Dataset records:
-------
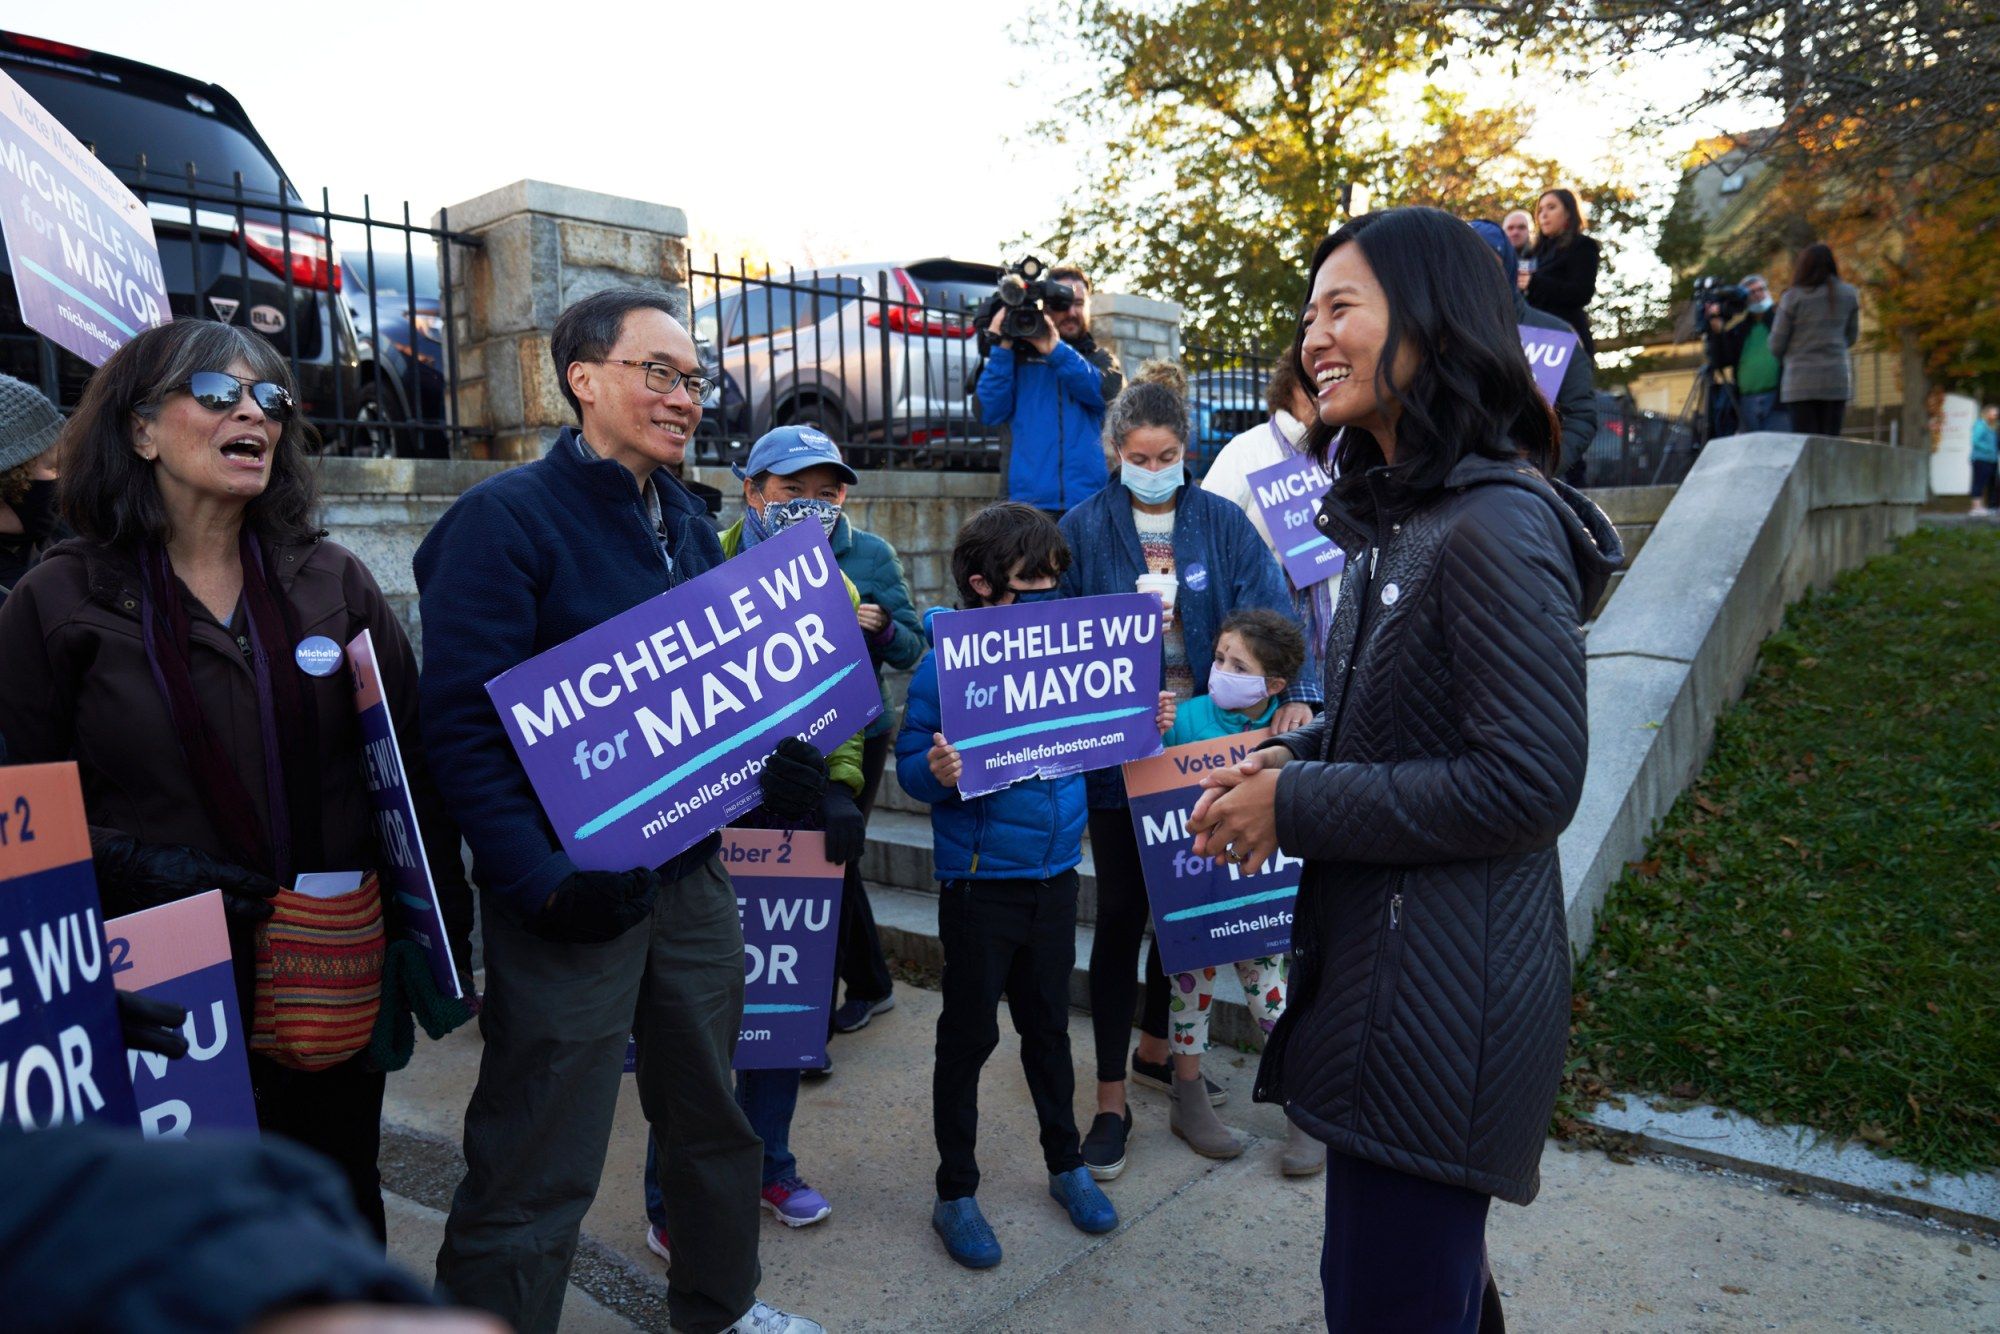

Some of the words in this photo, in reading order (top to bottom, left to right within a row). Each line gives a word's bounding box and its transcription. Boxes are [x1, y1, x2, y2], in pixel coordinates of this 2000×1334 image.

[11, 90, 50, 140] Vote
[51, 126, 120, 203] November
[0, 137, 127, 265] MICHELLE
[126, 240, 164, 296] WU
[21, 194, 54, 240] for
[58, 222, 161, 329] MAYOR
[252, 311, 281, 326] BLA
[1521, 342, 1566, 368] WU
[1284, 508, 1310, 530] for
[298, 649, 340, 658] Michelle
[511, 586, 762, 746] MICHELLE
[759, 546, 829, 610] WU
[942, 619, 1094, 671] MICHELLE
[1100, 614, 1156, 647] WU
[573, 729, 629, 780] for
[633, 612, 836, 758] MAYOR
[965, 681, 997, 710] for
[1003, 657, 1135, 714] MAYOR
[985, 732, 1125, 770] michelleforboston.com
[1174, 752, 1226, 775] Vote
[777, 843, 792, 863] 2
[1172, 850, 1216, 878] for
[759, 898, 831, 932] WU
[20, 908, 102, 1004] WU
[109, 937, 134, 975] 2
-------
Down to the last line, return the entries above exactly, with no pictures.

Some of the words in this photo, in reading order (top to bottom, left to right within a row). Each line gives a word's bounding box and its transcription. Boxes are [x1, y1, x2, y2], in pixel coordinates of this 2000×1334 image.

[11, 90, 50, 140] Vote
[51, 126, 120, 203] November
[0, 137, 127, 265] MICHELLE
[126, 240, 164, 296] WU
[21, 194, 54, 240] for
[58, 222, 161, 329] MAYOR
[252, 311, 281, 326] BLA
[1521, 342, 1566, 368] WU
[1284, 508, 1310, 530] for
[298, 649, 340, 658] Michelle
[511, 586, 762, 746] MICHELLE
[759, 546, 829, 610] WU
[942, 619, 1094, 671] MICHELLE
[1100, 614, 1156, 647] WU
[573, 729, 629, 780] for
[633, 612, 836, 758] MAYOR
[965, 681, 997, 710] for
[1003, 657, 1135, 714] MAYOR
[985, 732, 1125, 770] michelleforboston.com
[1174, 752, 1226, 775] Vote
[777, 843, 792, 863] 2
[1172, 850, 1216, 878] for
[759, 898, 831, 932] WU
[20, 908, 102, 1004] WU
[109, 937, 134, 975] 2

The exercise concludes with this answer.